(Source records)
----------
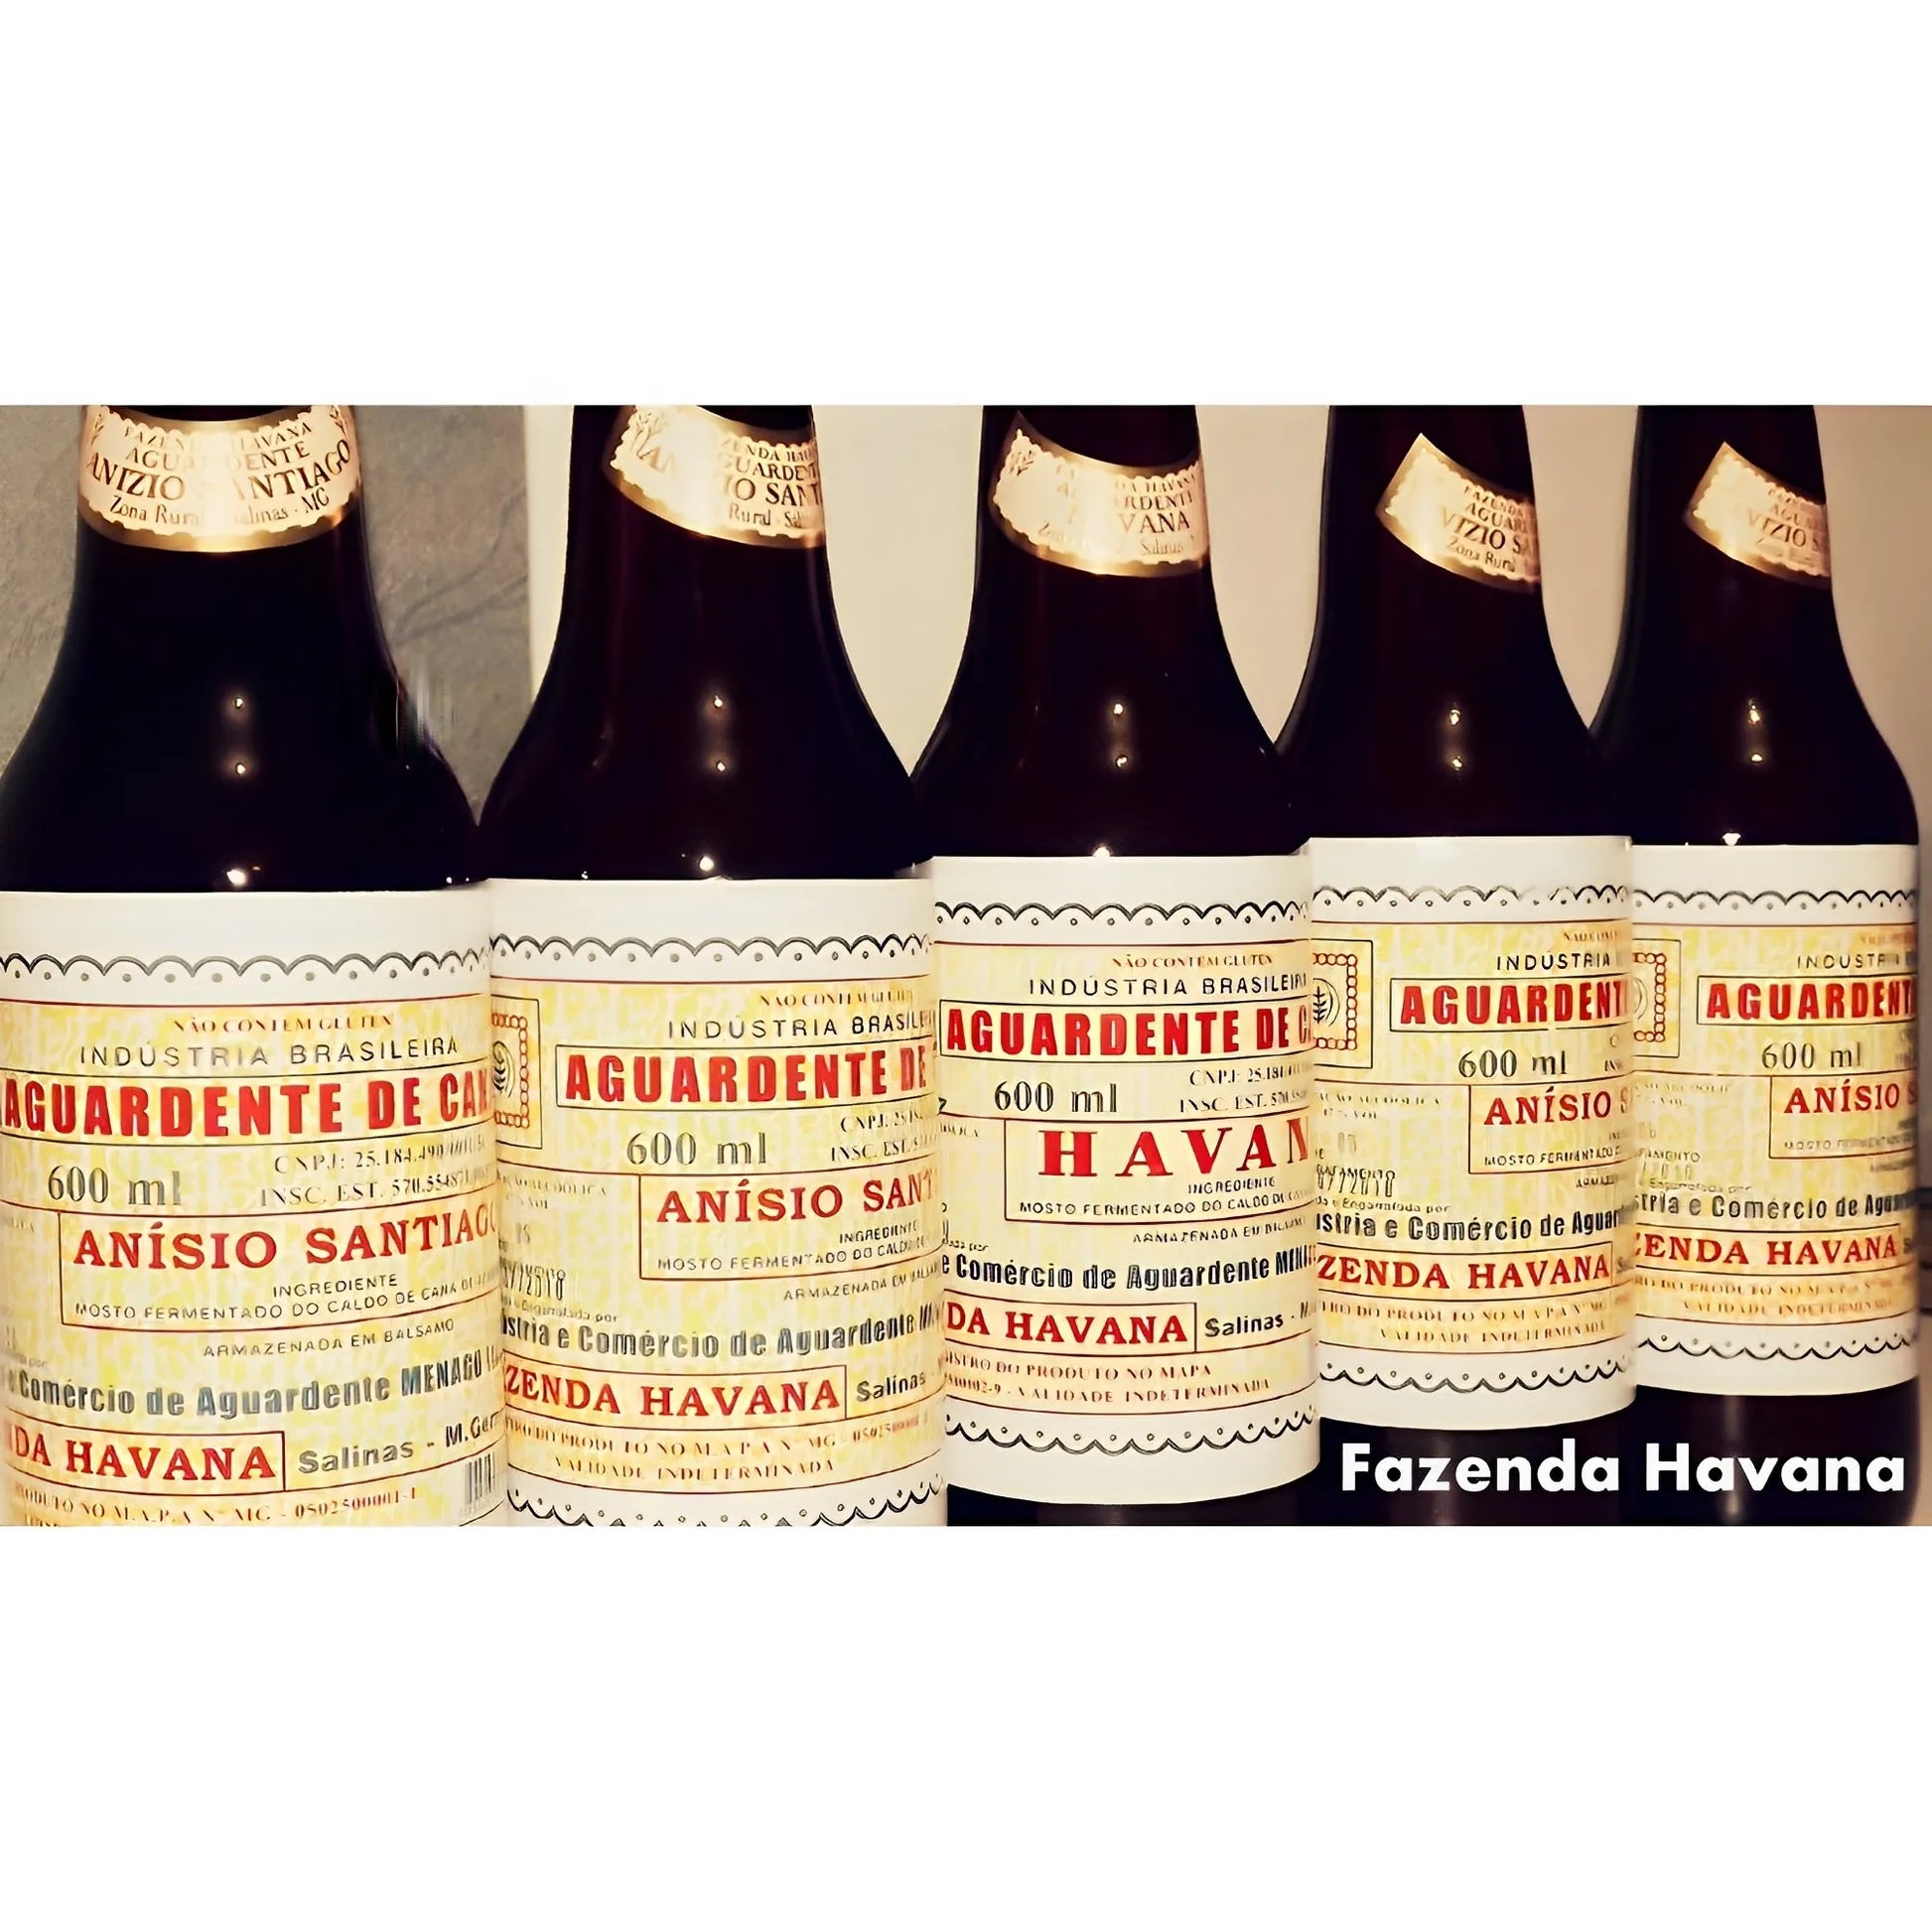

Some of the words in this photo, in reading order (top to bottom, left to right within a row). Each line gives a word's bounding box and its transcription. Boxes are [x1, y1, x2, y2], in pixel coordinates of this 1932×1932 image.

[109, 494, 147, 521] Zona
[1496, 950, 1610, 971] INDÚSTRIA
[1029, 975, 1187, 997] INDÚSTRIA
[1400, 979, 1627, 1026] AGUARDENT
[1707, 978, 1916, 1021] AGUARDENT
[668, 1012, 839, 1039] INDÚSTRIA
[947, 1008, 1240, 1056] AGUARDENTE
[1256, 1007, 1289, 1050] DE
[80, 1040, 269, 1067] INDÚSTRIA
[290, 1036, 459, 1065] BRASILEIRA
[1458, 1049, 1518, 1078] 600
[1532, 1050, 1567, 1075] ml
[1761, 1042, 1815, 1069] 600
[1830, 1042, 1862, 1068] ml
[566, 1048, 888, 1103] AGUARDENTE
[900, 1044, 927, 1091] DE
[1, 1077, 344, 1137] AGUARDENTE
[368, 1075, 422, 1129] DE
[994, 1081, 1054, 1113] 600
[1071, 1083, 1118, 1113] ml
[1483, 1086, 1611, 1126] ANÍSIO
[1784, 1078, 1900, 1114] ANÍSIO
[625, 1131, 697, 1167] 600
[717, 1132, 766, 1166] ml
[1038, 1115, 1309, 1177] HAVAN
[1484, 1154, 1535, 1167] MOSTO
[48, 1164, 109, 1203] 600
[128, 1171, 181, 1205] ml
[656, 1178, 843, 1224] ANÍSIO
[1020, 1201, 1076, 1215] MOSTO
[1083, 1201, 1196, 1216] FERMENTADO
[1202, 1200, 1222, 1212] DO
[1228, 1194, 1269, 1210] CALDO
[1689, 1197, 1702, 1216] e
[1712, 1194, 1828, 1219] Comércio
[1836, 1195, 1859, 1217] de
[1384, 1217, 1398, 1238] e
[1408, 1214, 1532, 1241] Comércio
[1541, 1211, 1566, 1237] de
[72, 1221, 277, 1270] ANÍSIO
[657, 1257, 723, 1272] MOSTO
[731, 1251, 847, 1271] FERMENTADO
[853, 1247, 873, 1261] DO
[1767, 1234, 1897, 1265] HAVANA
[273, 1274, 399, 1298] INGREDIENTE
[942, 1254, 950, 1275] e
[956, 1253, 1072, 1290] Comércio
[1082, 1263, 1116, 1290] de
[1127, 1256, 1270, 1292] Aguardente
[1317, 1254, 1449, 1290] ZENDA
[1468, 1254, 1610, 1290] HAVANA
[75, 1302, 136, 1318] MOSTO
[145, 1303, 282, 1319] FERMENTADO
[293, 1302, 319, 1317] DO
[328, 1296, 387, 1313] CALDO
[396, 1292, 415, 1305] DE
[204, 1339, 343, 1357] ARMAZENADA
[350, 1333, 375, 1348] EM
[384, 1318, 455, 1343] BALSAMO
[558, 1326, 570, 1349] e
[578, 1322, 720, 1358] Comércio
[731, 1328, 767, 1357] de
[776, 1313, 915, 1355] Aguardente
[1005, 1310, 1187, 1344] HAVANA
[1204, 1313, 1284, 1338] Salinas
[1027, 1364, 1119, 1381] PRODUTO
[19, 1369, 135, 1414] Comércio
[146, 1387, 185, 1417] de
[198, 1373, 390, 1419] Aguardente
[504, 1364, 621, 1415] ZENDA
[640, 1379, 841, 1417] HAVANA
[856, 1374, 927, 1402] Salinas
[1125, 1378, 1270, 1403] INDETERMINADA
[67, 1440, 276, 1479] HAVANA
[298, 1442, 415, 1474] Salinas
----------
● Aim of the exercise
Copy each line of the data above that holds "Salinas".

● Result of the task
[1204, 1313, 1284, 1338] Salinas
[856, 1374, 927, 1402] Salinas
[298, 1442, 415, 1474] Salinas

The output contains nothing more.